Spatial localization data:
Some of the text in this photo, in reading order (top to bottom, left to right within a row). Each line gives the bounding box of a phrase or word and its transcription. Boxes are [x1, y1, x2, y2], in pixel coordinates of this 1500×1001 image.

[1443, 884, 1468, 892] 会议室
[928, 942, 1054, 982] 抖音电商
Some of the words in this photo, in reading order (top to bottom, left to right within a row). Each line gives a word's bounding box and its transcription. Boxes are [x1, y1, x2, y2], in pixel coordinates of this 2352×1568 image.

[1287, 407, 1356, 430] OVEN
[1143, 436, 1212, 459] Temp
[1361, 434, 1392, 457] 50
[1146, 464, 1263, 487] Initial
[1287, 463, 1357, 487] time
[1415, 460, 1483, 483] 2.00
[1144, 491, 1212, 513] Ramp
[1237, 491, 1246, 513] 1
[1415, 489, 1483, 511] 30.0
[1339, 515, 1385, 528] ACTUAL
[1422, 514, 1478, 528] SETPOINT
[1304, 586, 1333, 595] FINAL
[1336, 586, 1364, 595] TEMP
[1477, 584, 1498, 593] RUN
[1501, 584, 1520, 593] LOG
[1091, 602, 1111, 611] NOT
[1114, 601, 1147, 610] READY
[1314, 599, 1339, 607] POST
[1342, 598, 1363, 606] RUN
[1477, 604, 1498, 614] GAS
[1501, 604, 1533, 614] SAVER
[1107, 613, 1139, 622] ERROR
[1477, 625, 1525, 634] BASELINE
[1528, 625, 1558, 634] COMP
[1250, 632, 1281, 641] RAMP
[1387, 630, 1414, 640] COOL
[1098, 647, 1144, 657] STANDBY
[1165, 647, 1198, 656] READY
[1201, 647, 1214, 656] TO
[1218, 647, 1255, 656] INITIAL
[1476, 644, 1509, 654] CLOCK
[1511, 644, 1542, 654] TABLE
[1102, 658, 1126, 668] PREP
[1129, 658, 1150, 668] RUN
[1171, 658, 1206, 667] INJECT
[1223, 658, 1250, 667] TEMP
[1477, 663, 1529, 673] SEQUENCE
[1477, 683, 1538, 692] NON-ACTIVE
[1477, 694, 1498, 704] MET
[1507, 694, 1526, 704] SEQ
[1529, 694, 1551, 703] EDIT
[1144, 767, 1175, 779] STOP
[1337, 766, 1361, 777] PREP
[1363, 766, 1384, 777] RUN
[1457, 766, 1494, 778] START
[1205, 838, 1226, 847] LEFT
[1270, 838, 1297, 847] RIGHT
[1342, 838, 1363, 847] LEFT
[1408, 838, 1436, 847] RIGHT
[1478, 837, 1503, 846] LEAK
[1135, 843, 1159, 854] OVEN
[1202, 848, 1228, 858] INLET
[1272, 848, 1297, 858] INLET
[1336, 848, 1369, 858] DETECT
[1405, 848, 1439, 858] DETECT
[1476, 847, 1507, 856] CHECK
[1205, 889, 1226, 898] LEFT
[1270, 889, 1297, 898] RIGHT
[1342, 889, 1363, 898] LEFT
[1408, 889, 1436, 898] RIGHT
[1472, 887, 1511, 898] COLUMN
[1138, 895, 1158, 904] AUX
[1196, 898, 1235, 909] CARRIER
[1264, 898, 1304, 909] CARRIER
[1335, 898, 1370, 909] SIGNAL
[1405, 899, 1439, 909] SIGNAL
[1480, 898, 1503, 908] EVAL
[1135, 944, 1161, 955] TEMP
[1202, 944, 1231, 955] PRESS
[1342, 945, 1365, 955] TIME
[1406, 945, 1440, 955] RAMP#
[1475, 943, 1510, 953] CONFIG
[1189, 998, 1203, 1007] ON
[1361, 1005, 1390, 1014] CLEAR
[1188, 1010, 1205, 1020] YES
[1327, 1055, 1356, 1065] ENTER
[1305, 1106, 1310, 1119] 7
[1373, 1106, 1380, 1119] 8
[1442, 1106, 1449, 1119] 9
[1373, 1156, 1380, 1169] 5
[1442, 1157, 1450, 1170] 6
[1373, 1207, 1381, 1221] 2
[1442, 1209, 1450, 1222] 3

= Task to carry out =
Considering the records line by line, how many lines hold the string "bounding"? Say only the number.

= Written solution =
2